## Work instruction
Nothing but the pictures should be dropped when the records are transcribed word for word.

## Listed entries
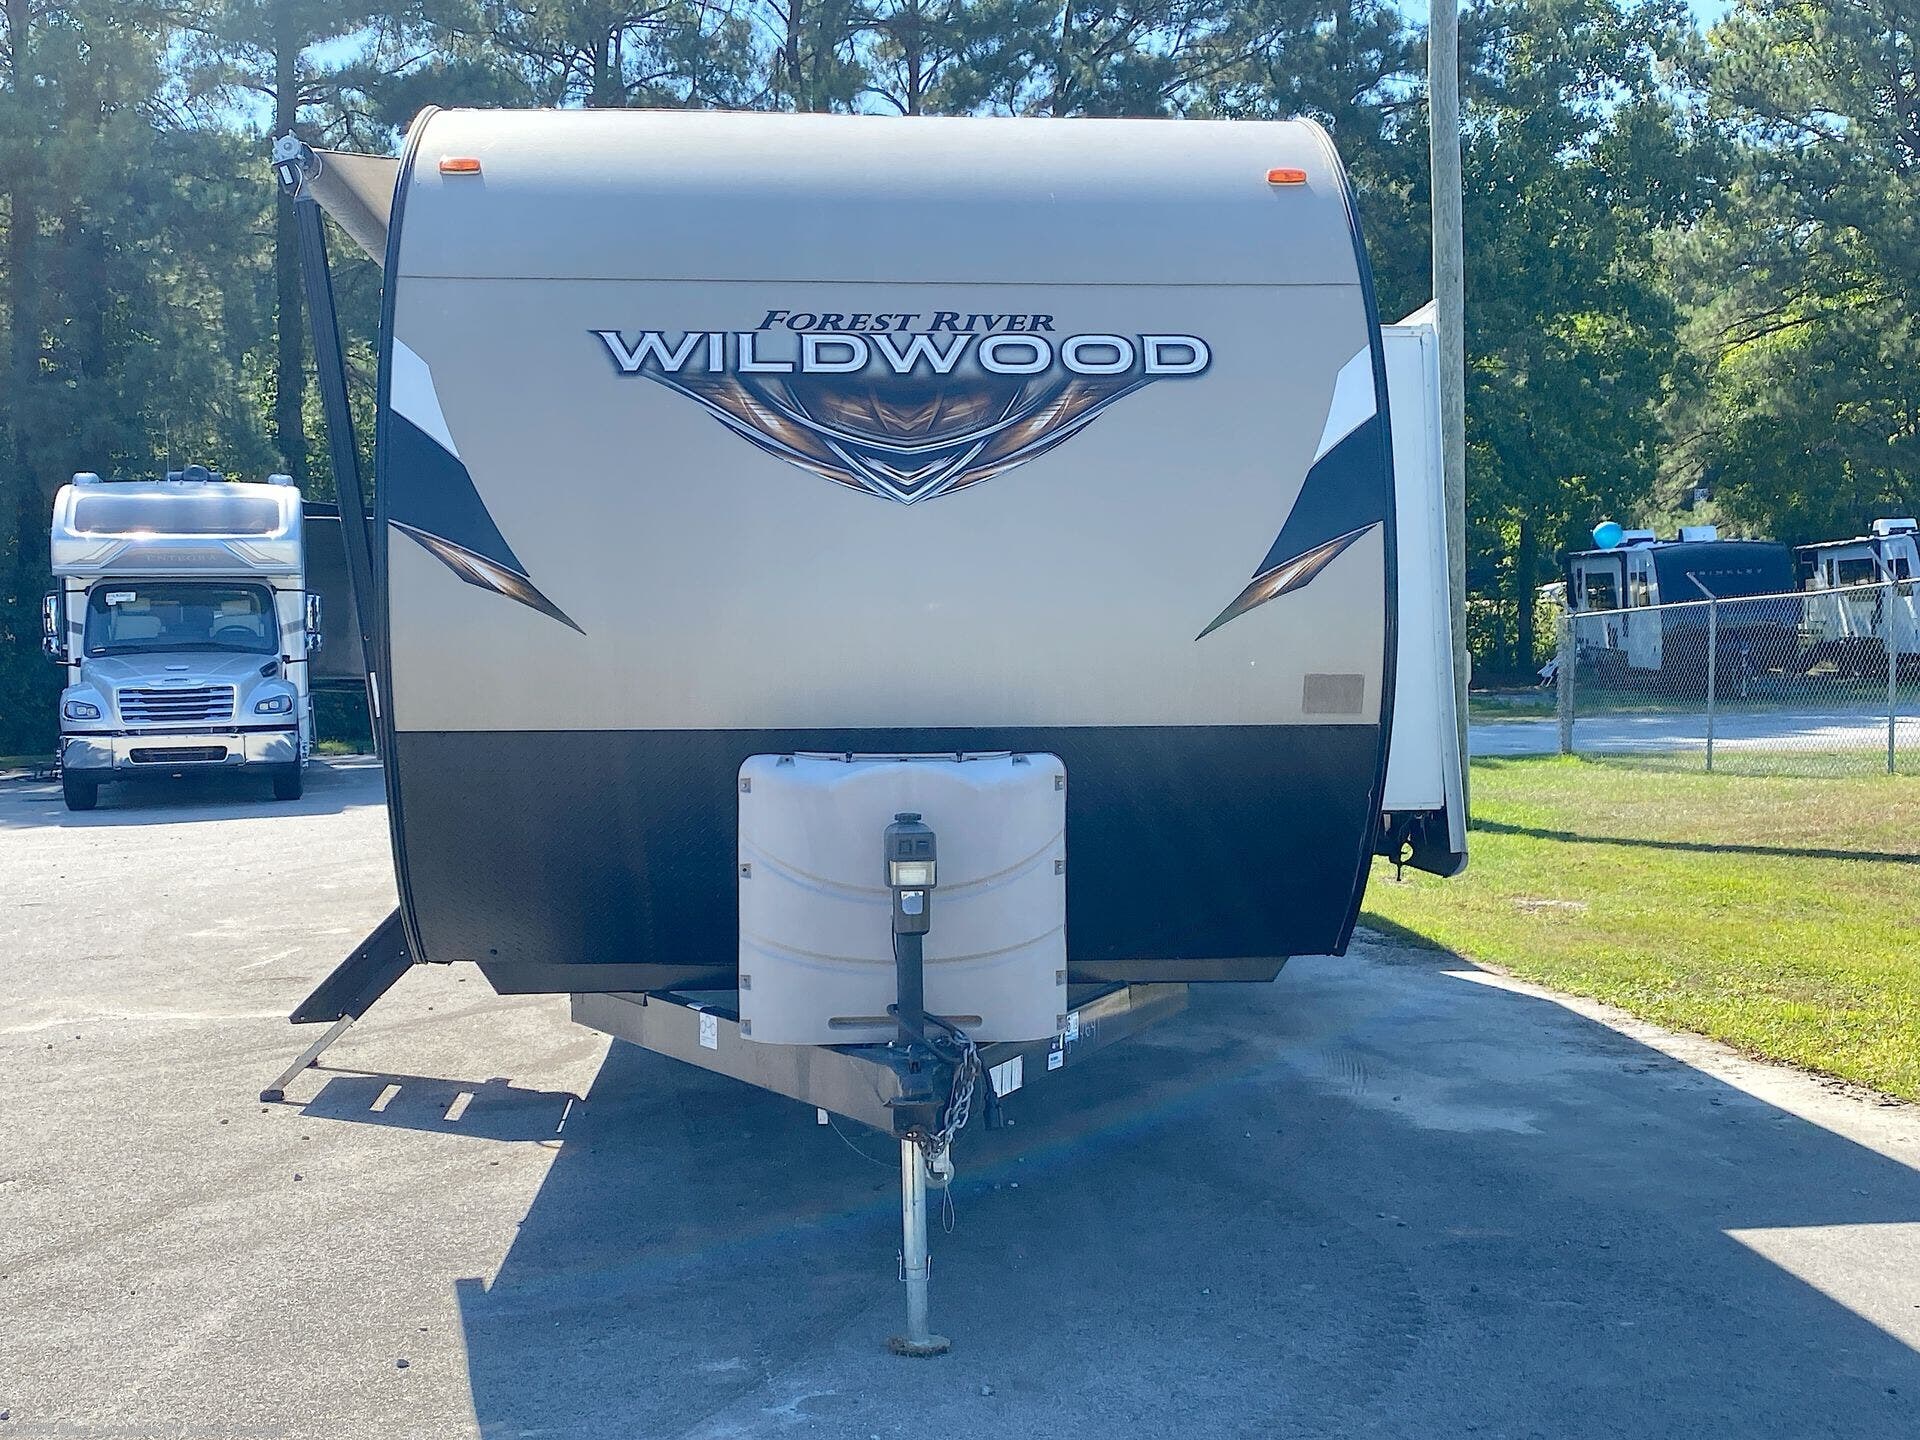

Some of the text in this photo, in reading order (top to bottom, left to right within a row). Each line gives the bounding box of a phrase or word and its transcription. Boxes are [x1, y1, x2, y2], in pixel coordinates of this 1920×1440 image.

[760, 310, 1055, 332] FOREST RIVER
[589, 329, 1212, 376] WILDWOOD
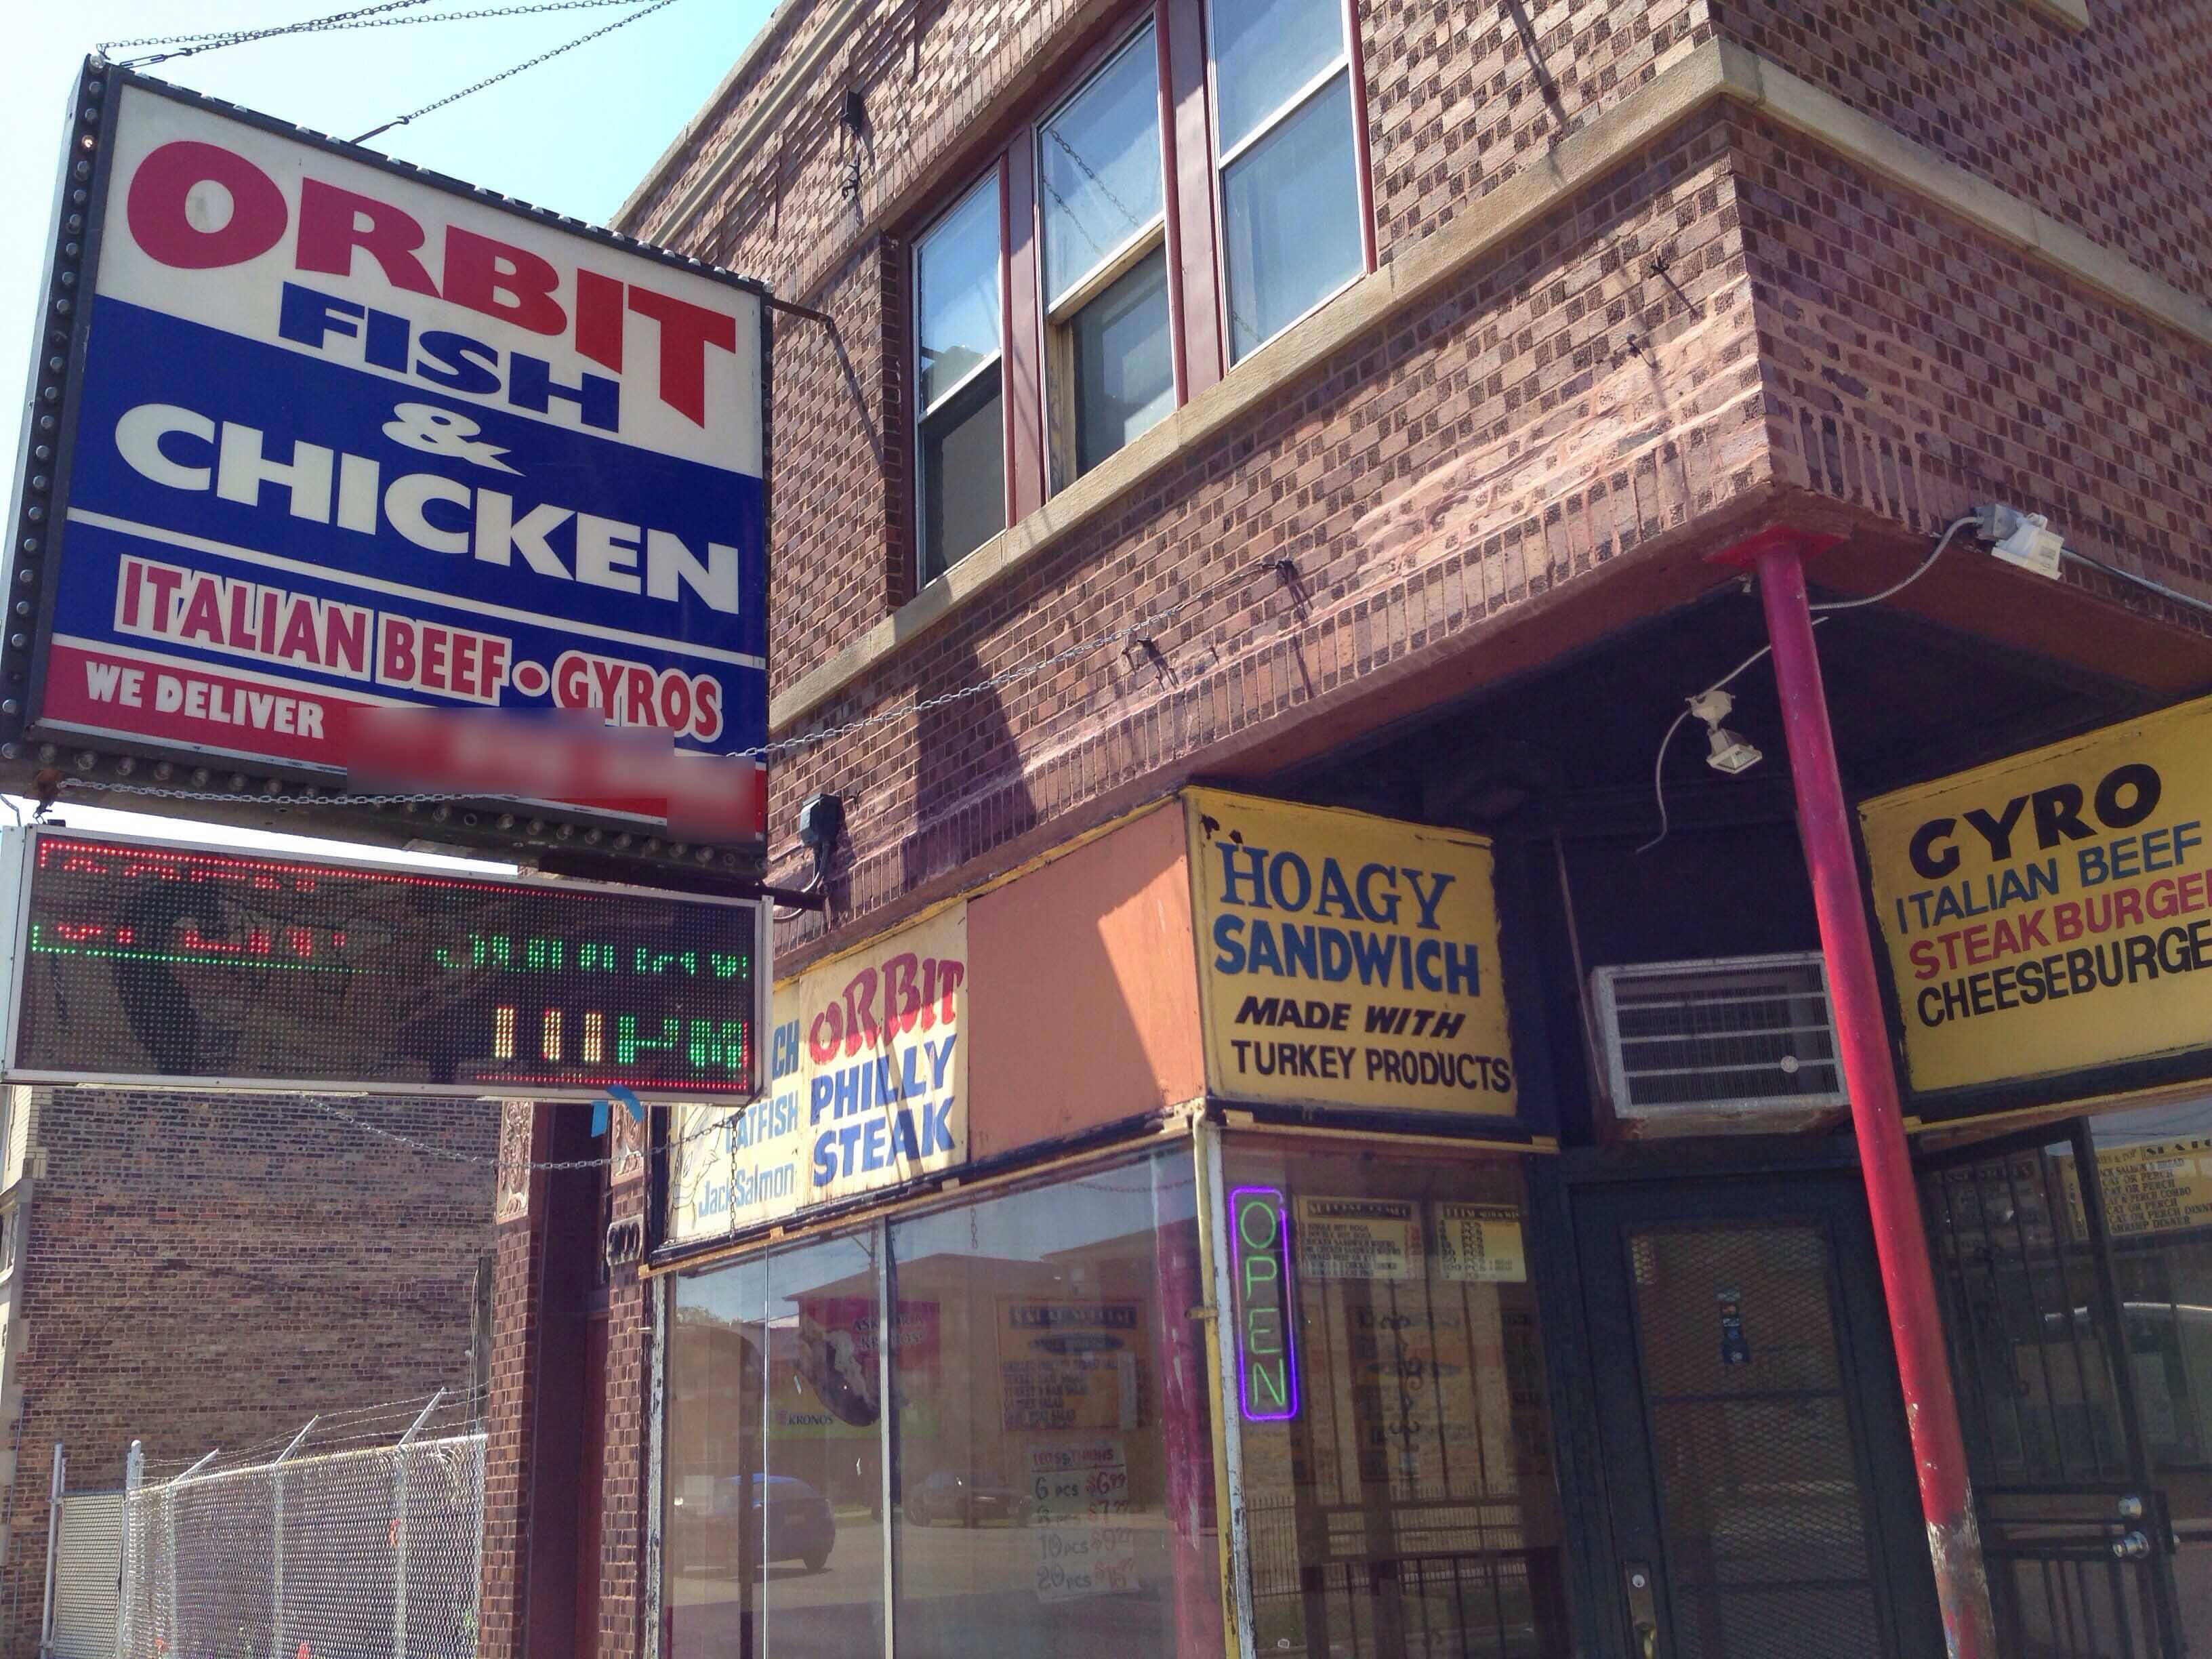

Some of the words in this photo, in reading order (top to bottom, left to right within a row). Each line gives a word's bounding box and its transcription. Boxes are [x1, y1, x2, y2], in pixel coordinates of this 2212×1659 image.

[127, 141, 737, 430] ORBIT
[279, 281, 620, 433] FISH
[382, 402, 526, 477] &
[115, 403, 740, 616] CHICKEN
[118, 557, 370, 677] ITALIAN
[380, 614, 510, 702] BEEF
[554, 652, 720, 738] GYROS
[86, 661, 142, 707] WE
[155, 673, 324, 739] DELIVER
[1909, 763, 2161, 880] GYRO
[1215, 841, 1455, 930] HOAGY
[1895, 857, 2060, 935] ITALIAN
[2077, 820, 2203, 888] BEEF
[1212, 914, 1480, 997] SANDWICH
[808, 952, 964, 1065] ORBIT
[1235, 996, 1351, 1031] MADE
[1364, 1004, 1466, 1039] WITH
[810, 1033, 958, 1127] PHILLY
[1231, 1040, 1355, 1079] TURKEY
[1366, 1047, 1511, 1093] PRODUCTS
[813, 1096, 956, 1187] STEAK
[736, 1163, 794, 1208] Salmon
[2111, 1221, 2149, 1233] SHRIMP
[2153, 1216, 2191, 1228] DINNER
[2143, 1180, 2175, 1191] PERCH
[2146, 1198, 2177, 1210] PERCH
[2148, 1208, 2181, 1219] PERCH
[1240, 1201, 1286, 1407] OPEN
[789, 1414, 833, 1426] KRONOS
[1035, 1477, 1049, 1500] 6
[1037, 1561, 1064, 1590] 20

## Your response
Some of the text in this photo, in reading order (top to bottom, left to right within a row). Each line gives the bounding box of a phrase or word and its transcription. Boxes are [x1, y1, x2, y2], in pixel coordinates of this 1920×1440 image.

[760, 310, 1055, 332] FOREST RIVER
[589, 329, 1212, 376] WILDWOOD

Some of the words in this photo, in reading order (top to bottom, left to right within a row). Each line gives a word's bounding box and its transcription. Boxes are [x1, y1, x2, y2], in pixel coordinates of this 2212×1659 image.

[127, 141, 737, 430] ORBIT
[279, 281, 620, 433] FISH
[382, 402, 526, 477] &
[115, 403, 740, 616] CHICKEN
[118, 557, 370, 677] ITALIAN
[380, 614, 510, 702] BEEF
[554, 652, 720, 738] GYROS
[86, 661, 142, 707] WE
[155, 673, 324, 739] DELIVER
[1909, 763, 2161, 880] GYRO
[1215, 841, 1455, 930] HOAGY
[1895, 857, 2060, 935] ITALIAN
[2077, 820, 2203, 888] BEEF
[1212, 914, 1480, 997] SANDWICH
[808, 952, 964, 1065] ORBIT
[1235, 996, 1351, 1031] MADE
[1364, 1004, 1466, 1039] WITH
[810, 1033, 958, 1127] PHILLY
[1231, 1040, 1355, 1079] TURKEY
[1366, 1047, 1511, 1093] PRODUCTS
[813, 1096, 956, 1187] STEAK
[736, 1163, 794, 1208] Salmon
[2111, 1221, 2149, 1233] SHRIMP
[2153, 1216, 2191, 1228] DINNER
[2143, 1180, 2175, 1191] PERCH
[2146, 1198, 2177, 1210] PERCH
[2148, 1208, 2181, 1219] PERCH
[1240, 1201, 1286, 1407] OPEN
[789, 1414, 833, 1426] KRONOS
[1035, 1477, 1049, 1500] 6
[1037, 1561, 1064, 1590] 20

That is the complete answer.